6.10 Exercise and Cancer
Exercise is one of the most important actions you can take to
help guard against many types of cancer. Up to one-third of
cancer-related deaths are due to obesity and a sedentary
lifestyle, including two of the most common cancers in the
United States, breast and colon cancer [43].
Many people exercise to prevent heart disease, but exercise
can also play a key role in preventing and reducing the danger
of many cancers. It is estimated that 30 to 60 minutes of
moderate to vigorous physical activity per day is needed to
protect against colon cancer, endometrial cancer and lung
cancer [44, 45]. Most studies suggest that 30 to 60 minutes per day
of moderate- to high-intensity physical activity is associated
with a reduction in breast cancer risk also, there is one recent
study suggested that regular vigorous activity could slow the
progression of prostate cancer in men age 65 or older [46].
7. Conclusion
Exercise not only makes you physically fitter but it also
improves your all body health and general sense of well-being.
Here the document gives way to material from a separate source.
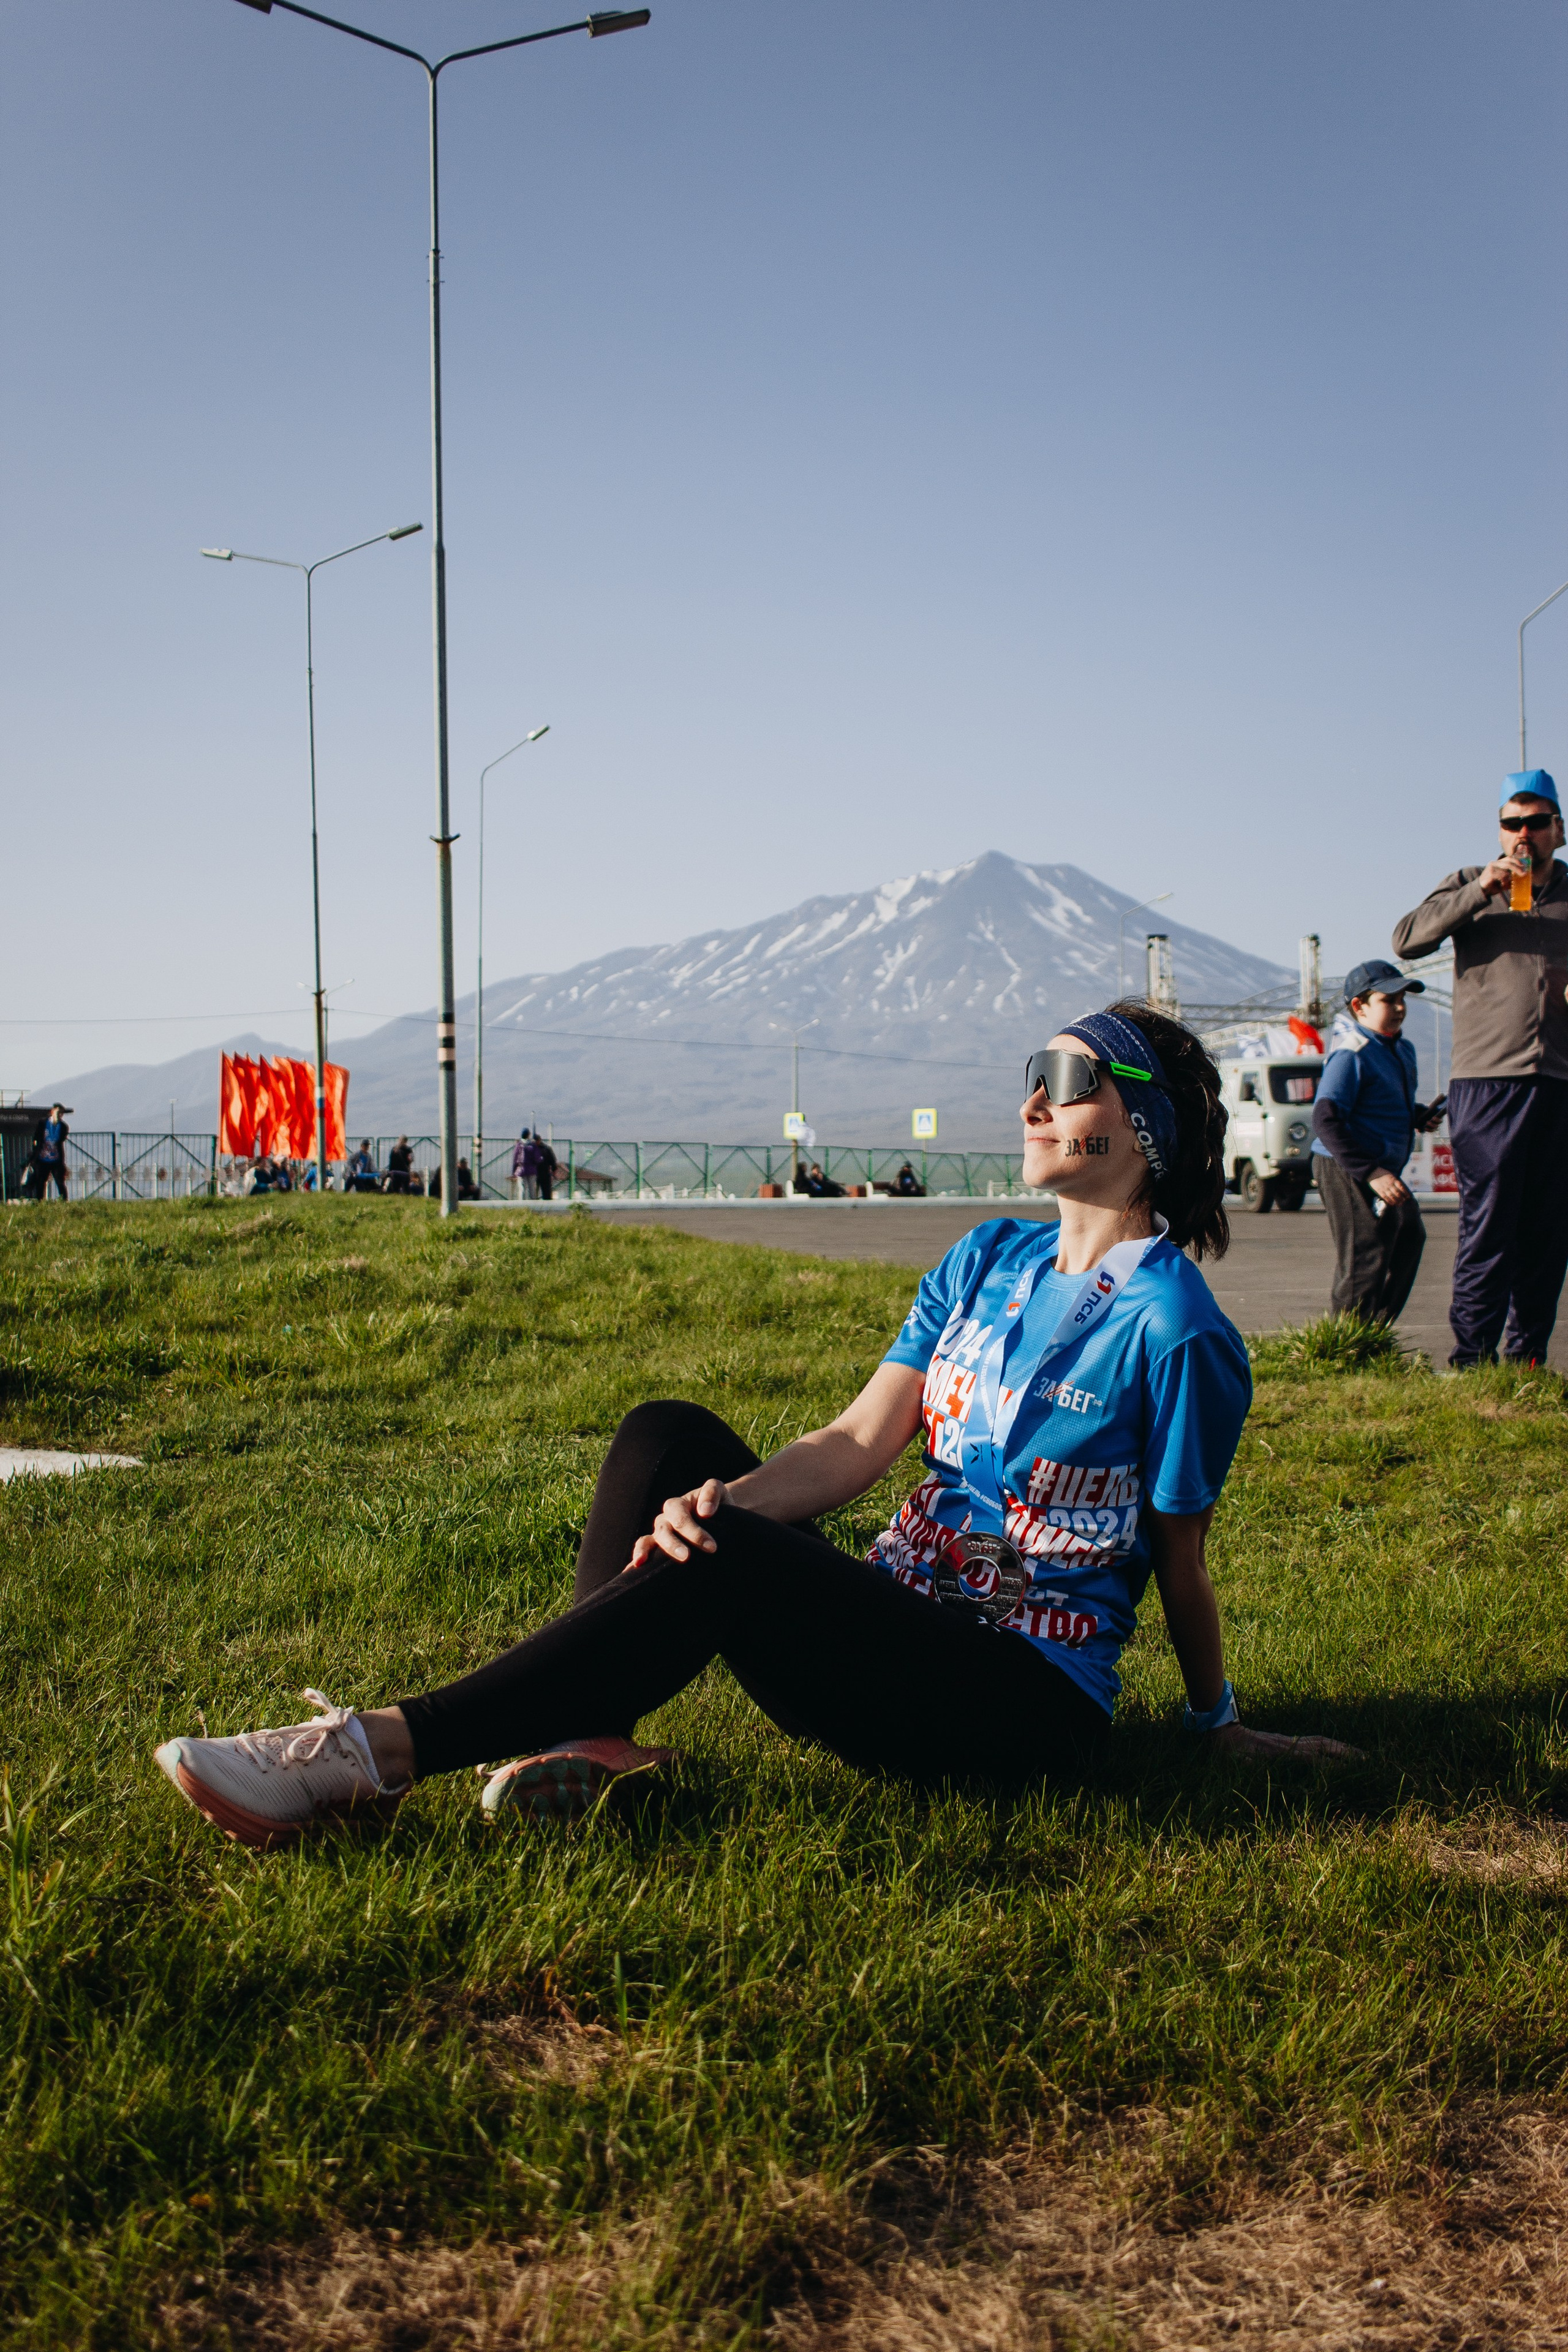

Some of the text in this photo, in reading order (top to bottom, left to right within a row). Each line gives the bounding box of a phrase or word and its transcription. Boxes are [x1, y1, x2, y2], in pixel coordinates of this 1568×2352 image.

[1074, 1291, 1102, 1324] ПСБ
[1027, 1457, 1140, 1509] #ЦЕЛЬ
[980, 1494, 1003, 1512] #СВОБОД
Physical activity or exercise can reduce the risk of developing
several diseases like type 2 diabetes, cancer and cardiovascular
disease. Daily exercise can reduce stress and anxiety, boost
happy chemicals, improve self-confidence, increase the brain
power, sharpen the memory and increase our muscles and
bones strength. Physical activity and exercise can have
immediate and long-term health benefits. Most importantly,
regular activity can improve your quality of life. A minimum
of 30 minutes a day can allow you to enjoy these benefits.
8. Acknowledgment
The Author would like to express his gratitude to the Vice
Chancellor RAKMHSU, Deans, Faculty/Staff and students for
their Valuable support and contribution.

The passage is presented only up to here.